**Input data:**
§ §

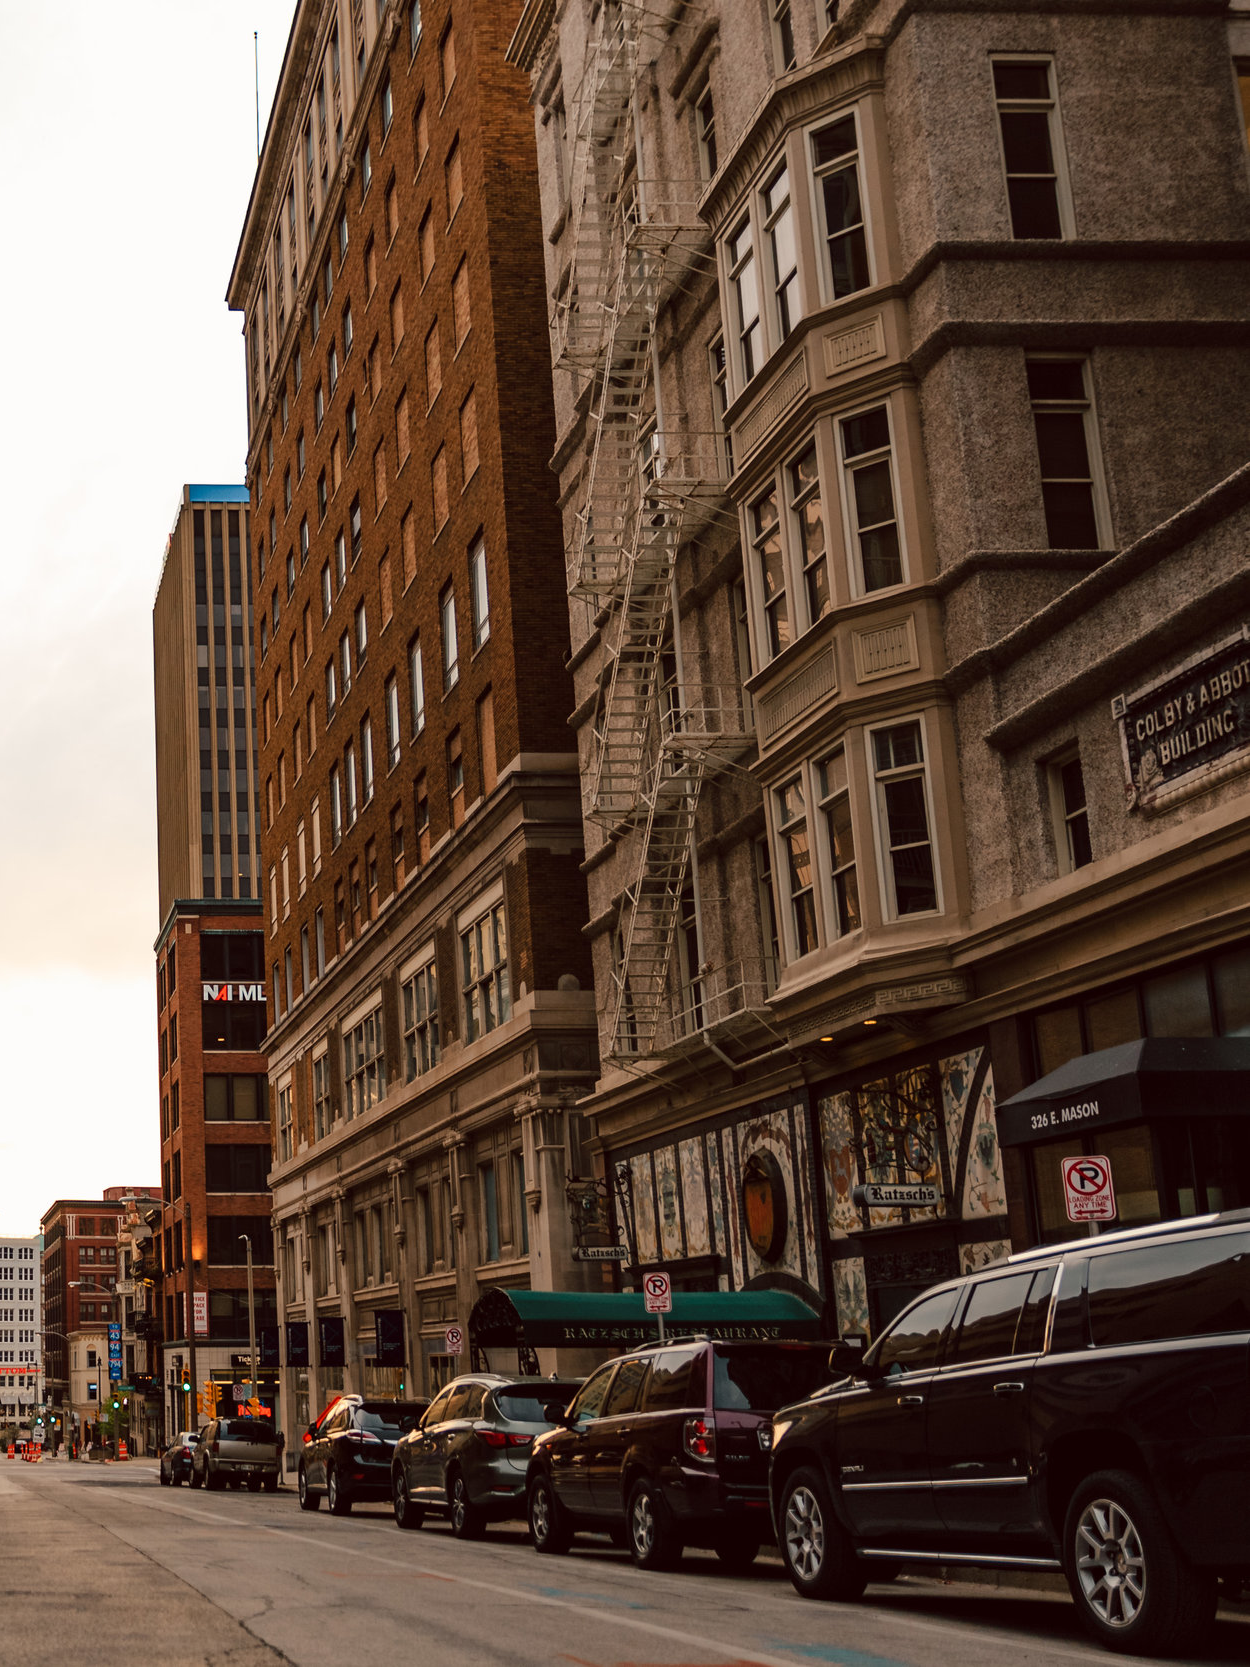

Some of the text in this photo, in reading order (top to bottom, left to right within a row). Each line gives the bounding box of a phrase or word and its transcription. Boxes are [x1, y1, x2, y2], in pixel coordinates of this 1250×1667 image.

[1136, 697, 1183, 741] COLBY
[1186, 692, 1196, 714] &
[1160, 709, 1235, 766] BUILDING
[203, 984, 233, 1001] NAI
[1031, 1101, 1100, 1129] 326 E. MASON
[871, 1186, 936, 1203] Ratzsch's
[1069, 1194, 1110, 1204] LOADING ZONE
[663, 1327, 781, 1340] RESTAURANT
[110, 1360, 121, 1368] 794

§ §

Once the pictures are set aside, give the rest of the listing again exactly.

**Answer box:**
Some of the text in this photo, in reading order (top to bottom, left to right within a row). Each line gives the bounding box of a phrase or word and its transcription. Boxes are [x1, y1, x2, y2], in pixel coordinates of this 1250×1667 image.

[1136, 697, 1183, 741] COLBY
[1186, 692, 1196, 714] &
[1160, 709, 1235, 766] BUILDING
[203, 984, 233, 1001] NAI
[1031, 1101, 1100, 1129] 326 E. MASON
[871, 1186, 936, 1203] Ratzsch's
[1069, 1194, 1110, 1204] LOADING ZONE
[663, 1327, 781, 1340] RESTAURANT
[110, 1360, 121, 1368] 794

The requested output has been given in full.